Dans la lutte contre le chômage, les partisans de la relance ont clairement gagné

« En août 2010, un article de Slate notait qu’il y avait "deux gangs d’économistes qui se battent sur les causes du chômage de masse" aux Etats-Unis. Paul Krugman, le meneur des "cycs" disait que la cause était conjoncturelle : il s’agissait d’une insuffisance de la demande globale. Les "strucs" expliquaient la hausse du chômage par un ensemble de facteurs structurels et ils prédisaient que le chômage ne déclinerait pas, à moins que l’on s’attaque à ces facteurs structurels. Six ans après, quel camp a gagné la bataille ?

Les preuves empiriques montrent que les "cycs" avaient largement raison. Le chômage aux Etats-Unis a chuté assez bien en phase avec la reprise de la production.
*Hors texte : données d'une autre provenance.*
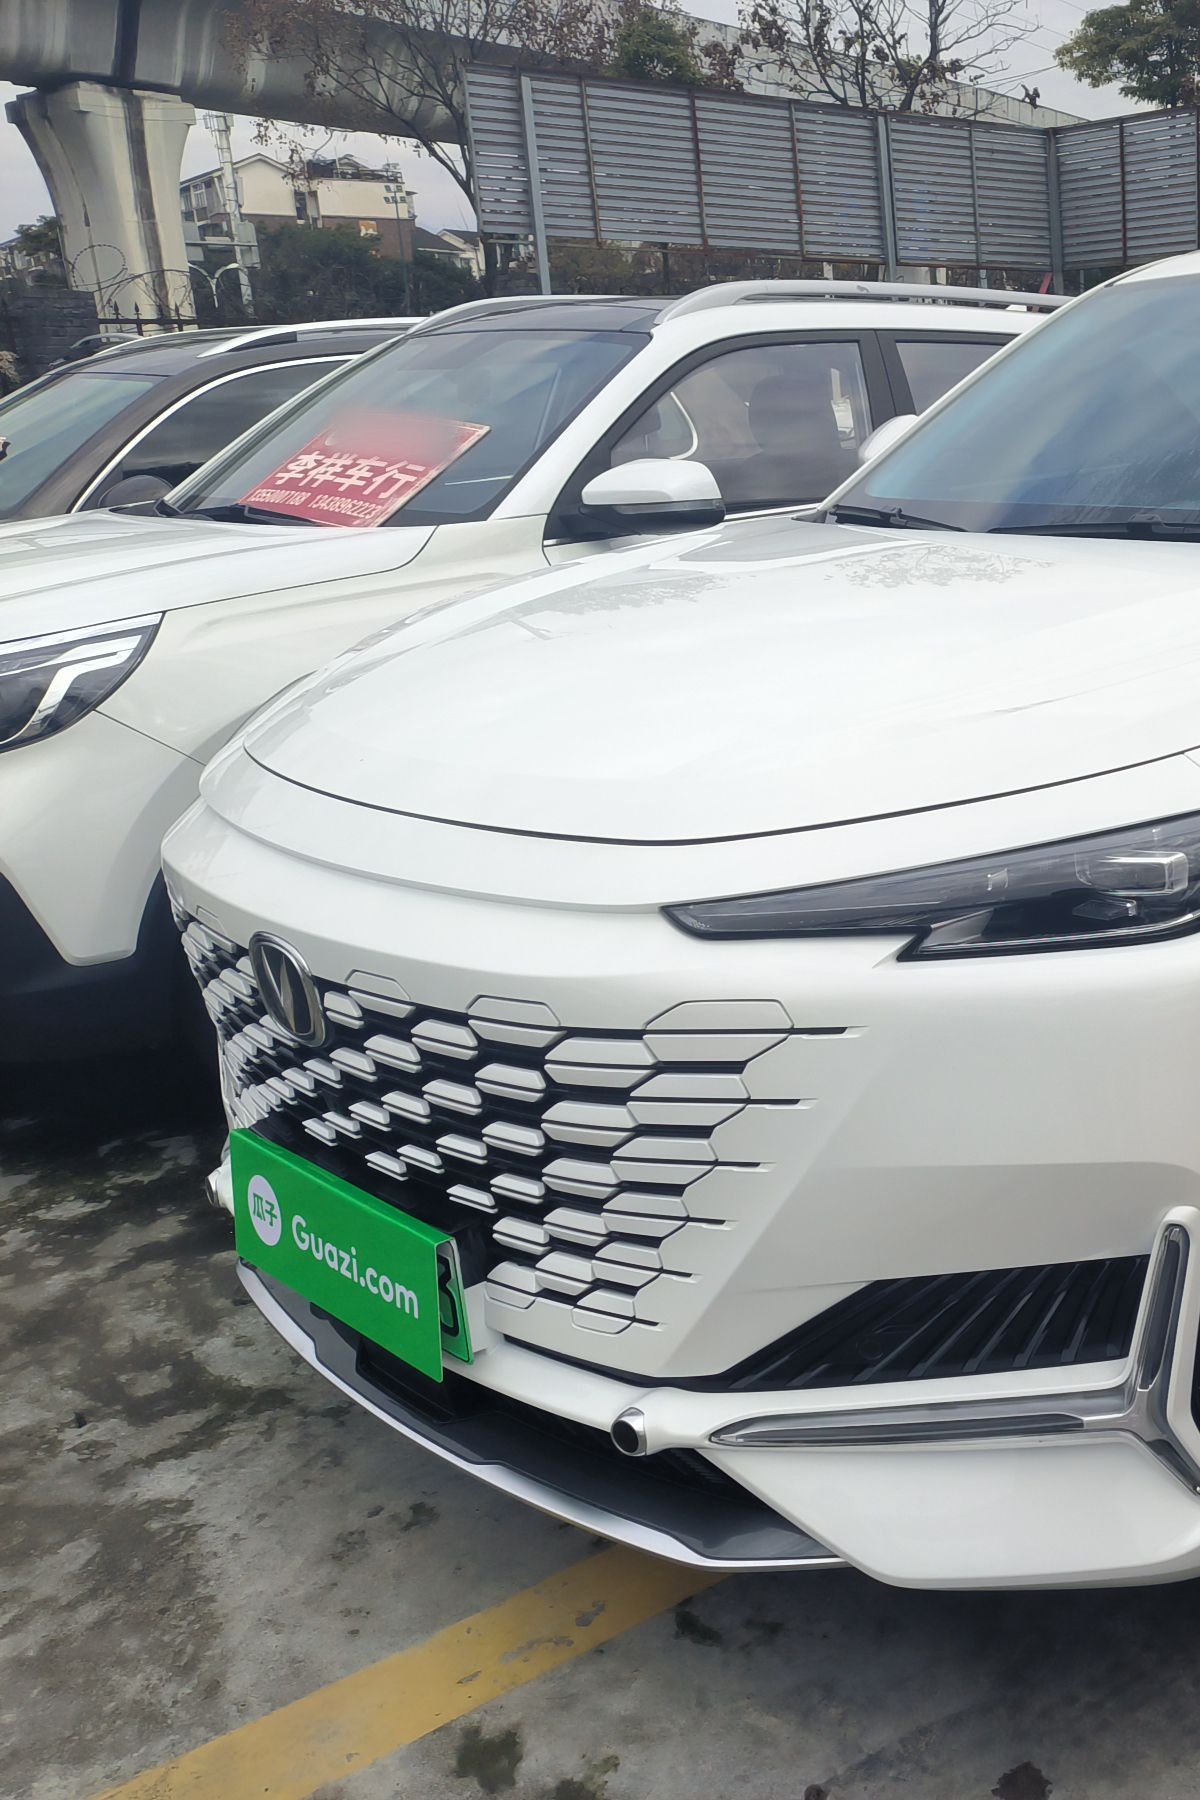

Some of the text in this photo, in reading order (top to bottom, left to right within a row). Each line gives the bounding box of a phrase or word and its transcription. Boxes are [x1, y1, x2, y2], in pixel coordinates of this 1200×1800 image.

[274, 450, 427, 499] 李祥车行
[251, 1192, 278, 1227] 瓜子
[291, 1214, 420, 1319] Guazi.com
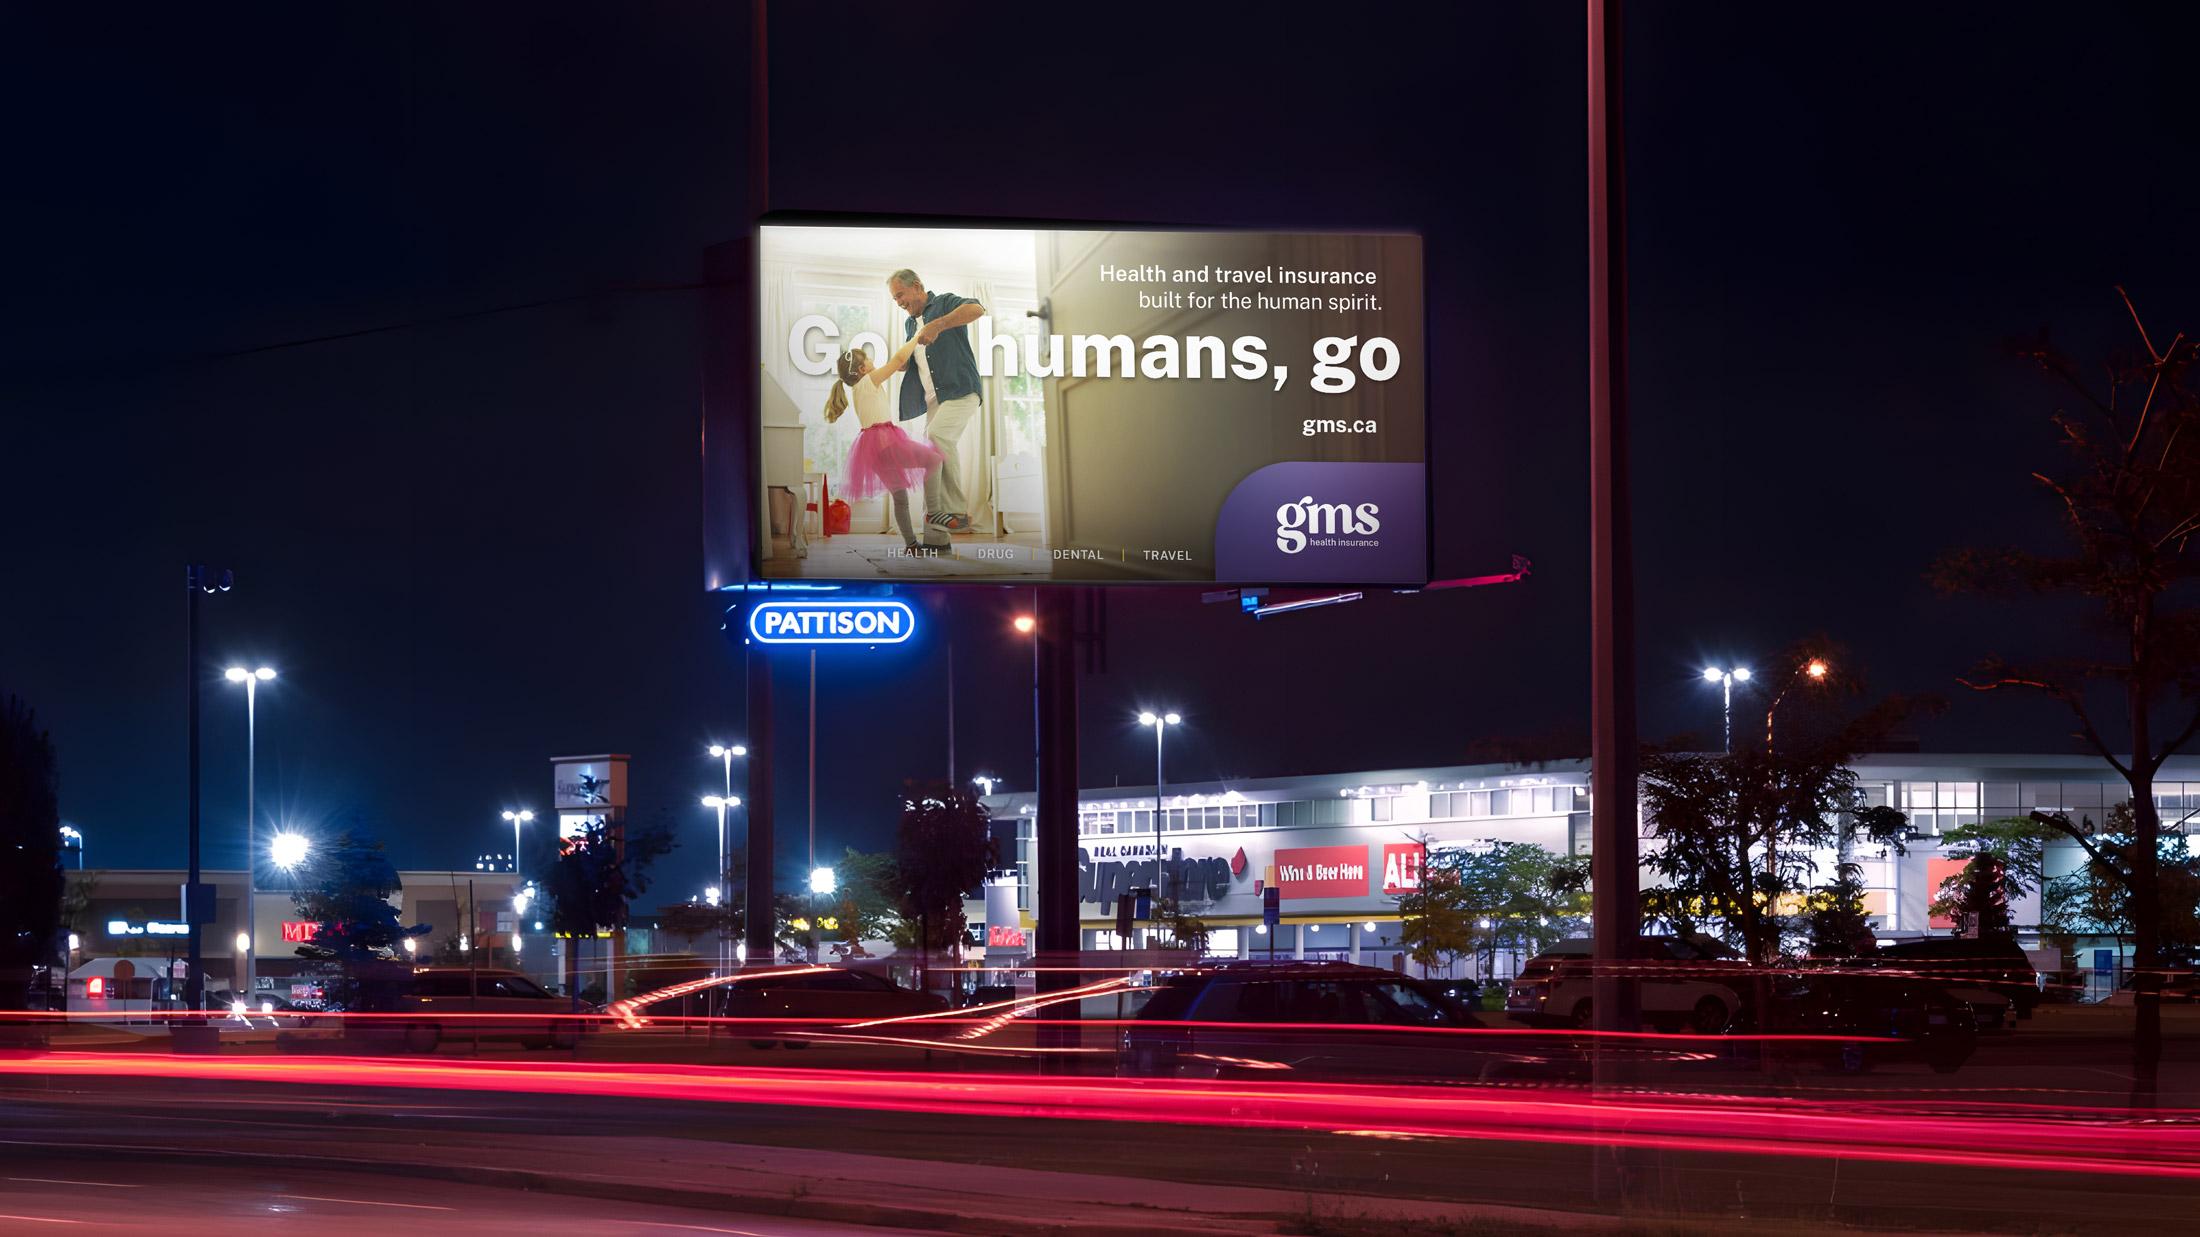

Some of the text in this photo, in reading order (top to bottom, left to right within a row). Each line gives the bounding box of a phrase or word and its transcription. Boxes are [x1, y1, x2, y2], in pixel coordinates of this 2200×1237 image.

Les Etats américains où la croissance a été plus forte que la moyenne nationale ont connu les plus fortes chutes du chômage. Et l’observation des performances des autres pays montre que les pays qui ont connu une croissance plus rapide que la moyenne mondiale (un groupe qui inclut les Etats-Unis et le Royaume-Uni) ont connu les plus fortes baisses du chômage.

Paul Krugman écrivait en 2011 que le chômage était élevé "parce que la croissance économique est faible ; c’est tout, point final, fin de l’histoire". Les "strucs" avaient une longue liste de solutions : "des changements en matière d’éducation, d’immigration, de réglementation du travail, des investissements directs à l’étranger (IDE), d’assurance-chômage et de droit des brevets", selon un article de Diana Furchtgott-Roth du Manhattan Institute.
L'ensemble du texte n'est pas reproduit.